## What the task asks
When you reproduce these records, keep every word exactly and drop the images.

——————————

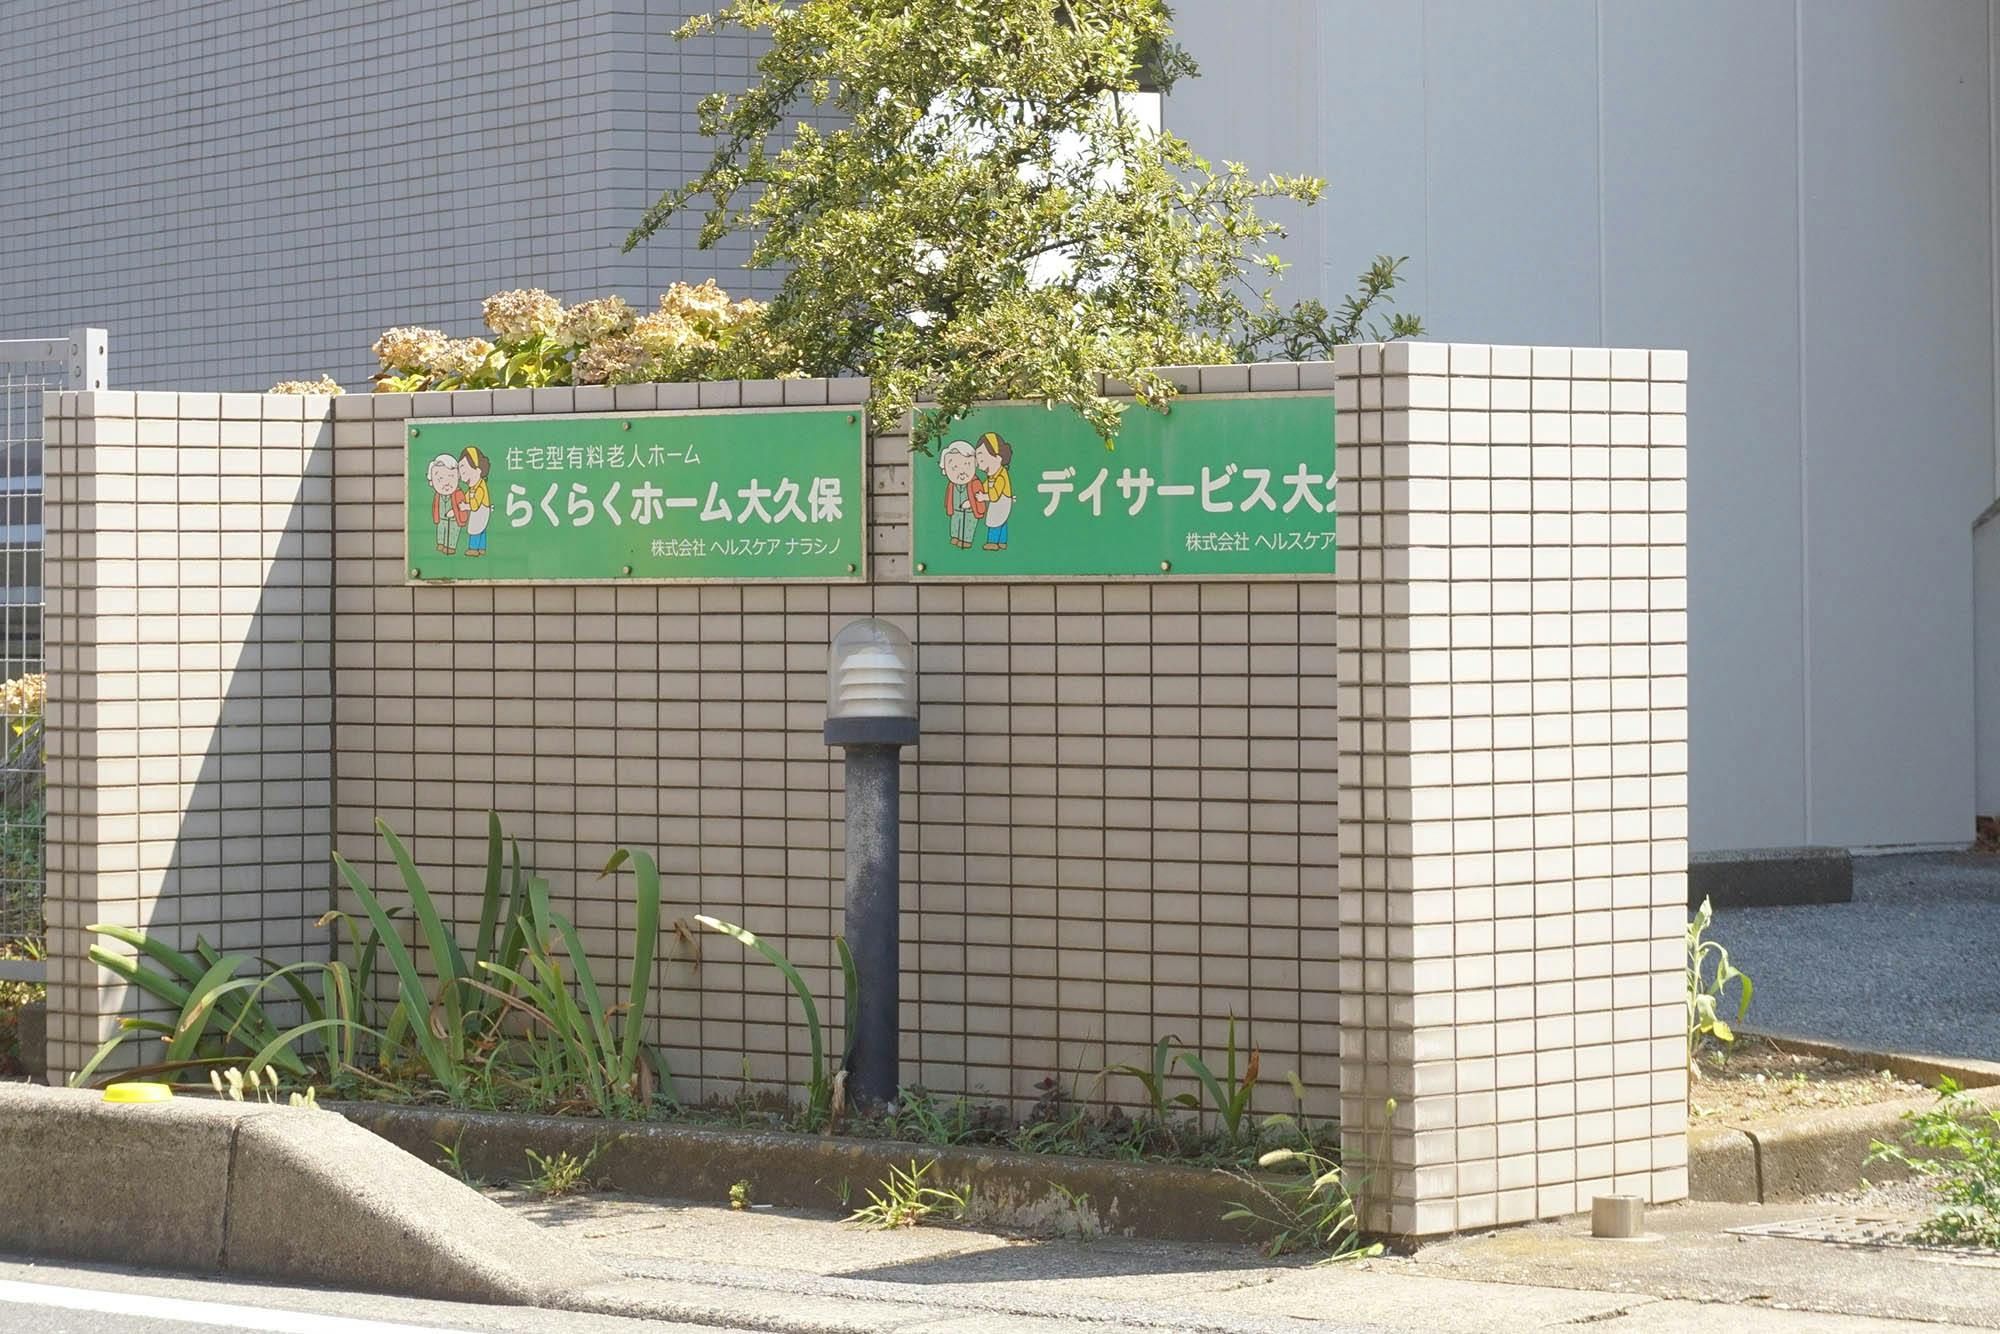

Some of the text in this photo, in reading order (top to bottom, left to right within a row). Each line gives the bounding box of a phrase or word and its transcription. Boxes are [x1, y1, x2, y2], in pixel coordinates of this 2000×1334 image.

[506, 443, 701, 471] 住宅型有料老人ホーム
[506, 476, 844, 528] らくらくホーム大久保
[1037, 462, 1336, 517] デイサービス大
[651, 537, 840, 557] 株式会社 ヘルスケア ナラシノ
[1185, 531, 1336, 553] 株式会社 ヘルスケア

——————————

## Output below
Some of the text in this photo, in reading order (top to bottom, left to right within a row). Each line gives the bounding box of a phrase or word and its transcription. Boxes are [x1, y1, x2, y2], in pixel coordinates of this 2000×1334 image.

[506, 443, 701, 471] 住宅型有料老人ホーム
[506, 476, 844, 528] らくらくホーム大久保
[1037, 462, 1336, 517] デイサービス大
[651, 537, 840, 557] 株式会社 ヘルスケア ナラシノ
[1185, 531, 1336, 553] 株式会社 ヘルスケア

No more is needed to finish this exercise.